Mexico, I would say, is close to Vietnam, significantly better than China, significantly better than the United States of America.
And maybe just a continuation because that brings us to net working capital. I was just wondering how you expect this to continue this year and should we look at it as net cash flow positive or negative?
Excuse me, can you repeat that last one?
Yeah, about the inventory, obviously, it's not just related to Mexico, but I guess there was an inventory done last year that might help.
That. We're still looking at some of those. there's still capital investment in this fiscal year '23/'24 for that. But not to the extent that you would say because, I mean, if you look at the 22/23 CapEx that you see in the cash flow that is, I mean, only part of that is for the Mexican business. there. Because there are many means, also in the Audiology Care Network and this extension. So, it's not that important, let's say.
But in net working capital, maybe inventory, as Arnd mentioned, just to be careful, you might see some in the first half, but that would go away again throughout the year.

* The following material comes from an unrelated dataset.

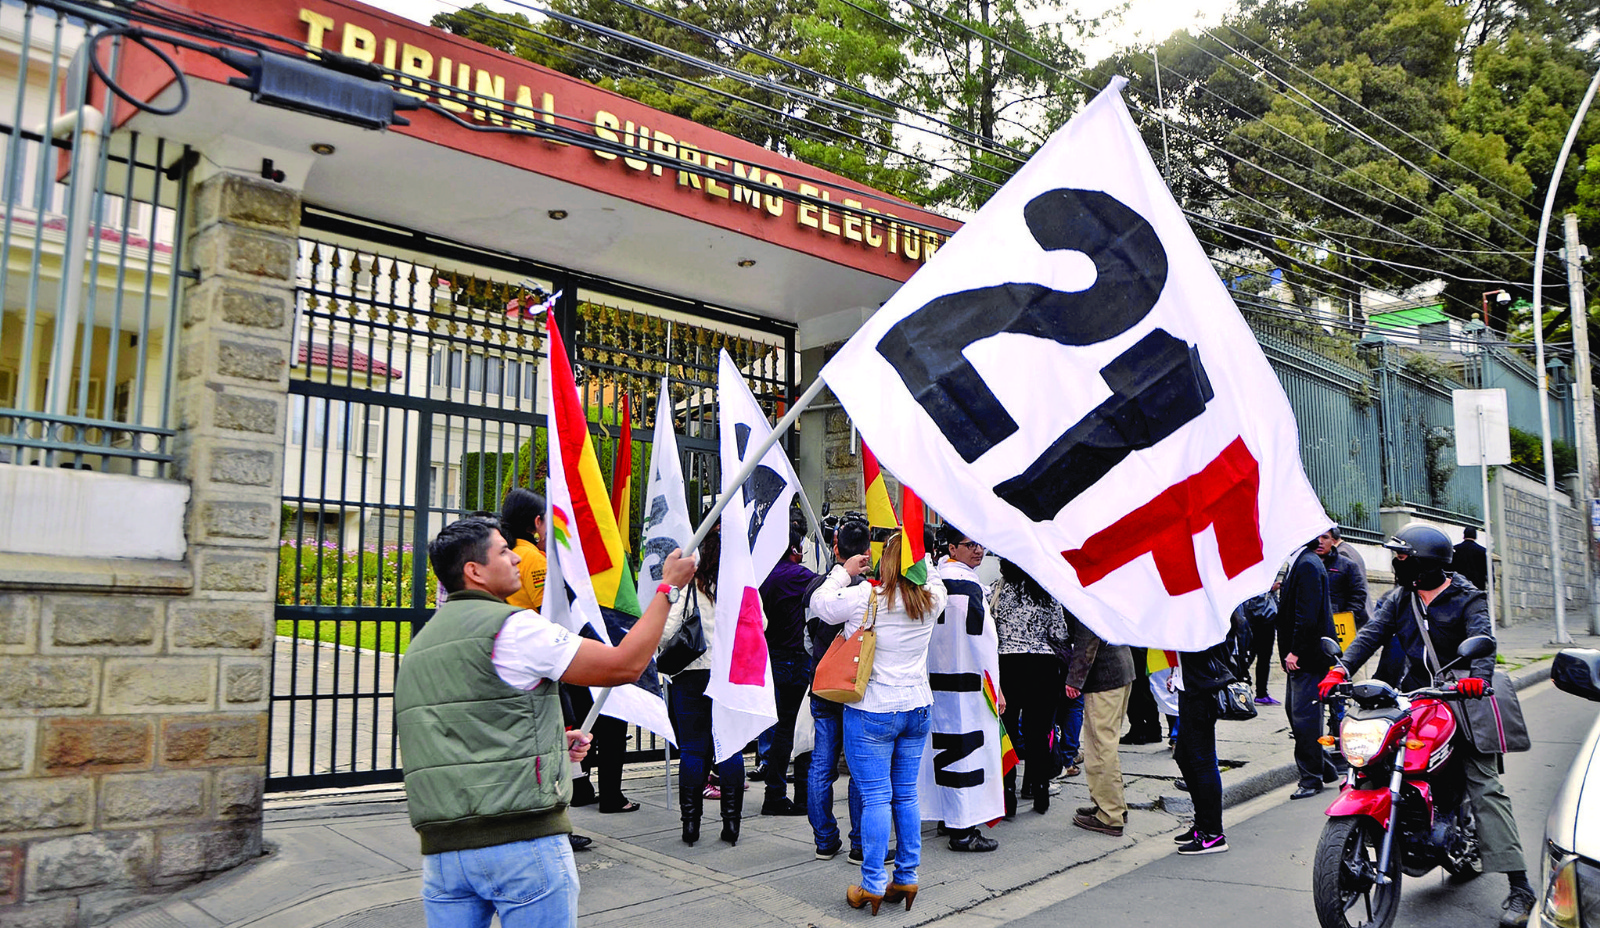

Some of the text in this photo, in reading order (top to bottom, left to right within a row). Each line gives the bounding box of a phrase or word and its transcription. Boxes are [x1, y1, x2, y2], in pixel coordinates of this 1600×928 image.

[299, 8, 951, 263] TRIBUNAL SUPREMO ELECTOR
[875, 187, 1264, 596] 21F

But that is relative to the factory. I don't know if your question is about inventory in general. I think across the Sonova system across all the different locations and across all the different types of inventory, we expect turnover to improve.
We still have safety stock because the aftermarket is moving more and more towards finding hardware buyers, not you. I think you can start to get into a more conscious environment, less conscious. So from that standpoint, I think I would expect continued improvement in stock keeping.
There is Mexico, but that is only part of the equation.
This is only part of it, and in fact, it is what we have planned for this exercise. An improvement I think.
I need it? I'm going to hang up. I wondered what Thomas would do. So thank you very much for his continued interest in our trip. Sorry to have to unpack so many things left upstairs and downstairs. This was an unusual year in macroeconomics, but also for the often-mentioned non-renewal of contracts. We look forward to a year where hopefully this becomes a little clearer. Have you seen our guide? We're trying to balance between -- there's still some volatility in the market, but we think we're well positioned to continue to grow market share based on the strategic initiatives that we have and the acquisitions that I've made. With that, thank you very much and I look forward to the next discussion.